YOUR ASSIGNMENT
Could you return all of the entries below exactly, minus the pictures?

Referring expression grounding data

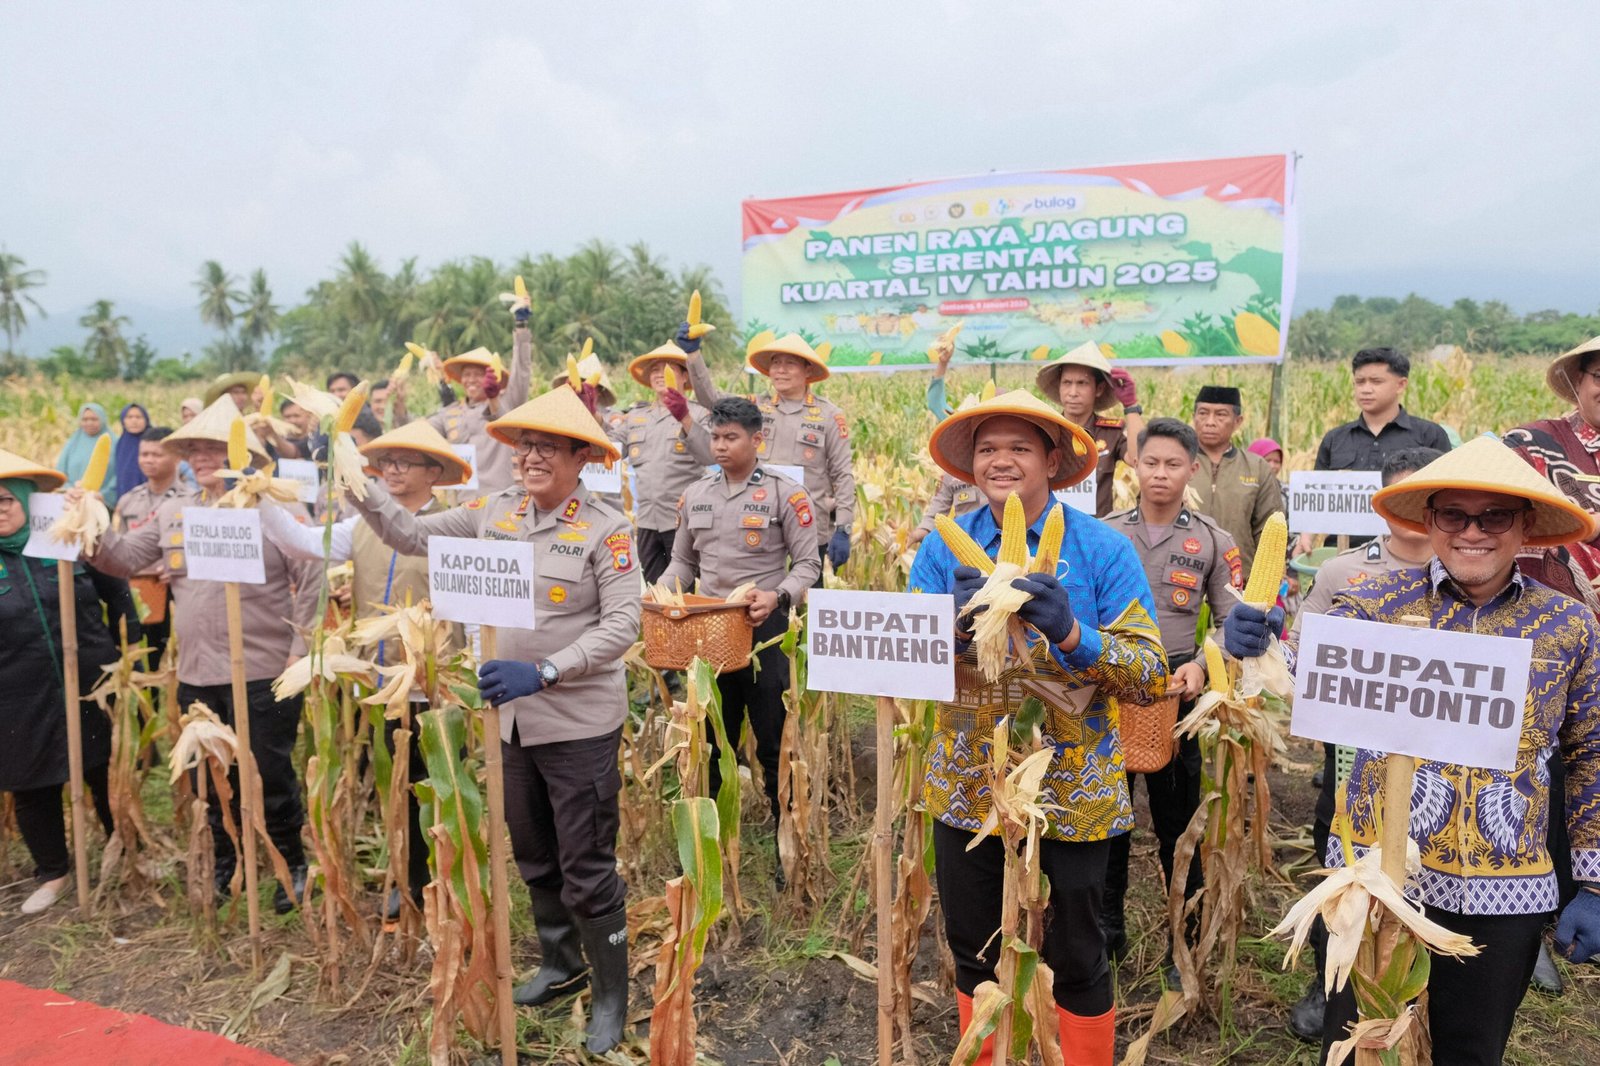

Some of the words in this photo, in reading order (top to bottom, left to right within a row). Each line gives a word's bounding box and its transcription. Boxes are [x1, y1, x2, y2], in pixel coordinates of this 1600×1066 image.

[1034, 196, 1076, 210] bulog
[805, 232, 917, 260] PANEN
[926, 225, 1020, 251] RAYA
[1029, 213, 1186, 243] JAGUNG
[891, 245, 1080, 275] SERENTAK
[782, 278, 929, 304] KUARTAL
[937, 274, 975, 295] IV
[983, 266, 1105, 292] TAHUN
[1115, 260, 1219, 286] 2025
[1304, 483, 1379, 491] KETUA
[743, 503, 770, 513] POLRI
[1293, 492, 1325, 512] DPRD
[1328, 493, 1376, 514] BANTAE
[189, 524, 220, 539] KEPALA
[221, 525, 252, 540] BULOG
[549, 543, 584, 557] POLRI
[440, 553, 521, 575] KAPOLDA
[1169, 554, 1205, 571] POLRI
[433, 571, 482, 596] SULAWESI
[485, 576, 530, 600] SELATAN
[818, 609, 939, 635] BUPATI
[812, 632, 949, 665] BANTAENG
[1315, 643, 1507, 692] BUPATI
[1302, 671, 1516, 729] JENEPONTO

RESULT FOR THIS TASK
Some of the words in this photo, in reading order (top to bottom, left to right within a row). Each line gives a word's bounding box and its transcription. Boxes are [x1, y1, x2, y2], in pixel coordinates of this 1600×1066 image.

[1034, 196, 1076, 210] bulog
[805, 232, 917, 260] PANEN
[926, 225, 1020, 251] RAYA
[1029, 213, 1186, 243] JAGUNG
[891, 245, 1080, 275] SERENTAK
[782, 278, 929, 304] KUARTAL
[937, 274, 975, 295] IV
[983, 266, 1105, 292] TAHUN
[1115, 260, 1219, 286] 2025
[1304, 483, 1379, 491] KETUA
[743, 503, 770, 513] POLRI
[1293, 492, 1325, 512] DPRD
[1328, 493, 1376, 514] BANTAE
[189, 524, 220, 539] KEPALA
[221, 525, 252, 540] BULOG
[549, 543, 584, 557] POLRI
[440, 553, 521, 575] KAPOLDA
[1169, 554, 1205, 571] POLRI
[433, 571, 482, 596] SULAWESI
[485, 576, 530, 600] SELATAN
[818, 609, 939, 635] BUPATI
[812, 632, 949, 665] BANTAENG
[1315, 643, 1507, 692] BUPATI
[1302, 671, 1516, 729] JENEPONTO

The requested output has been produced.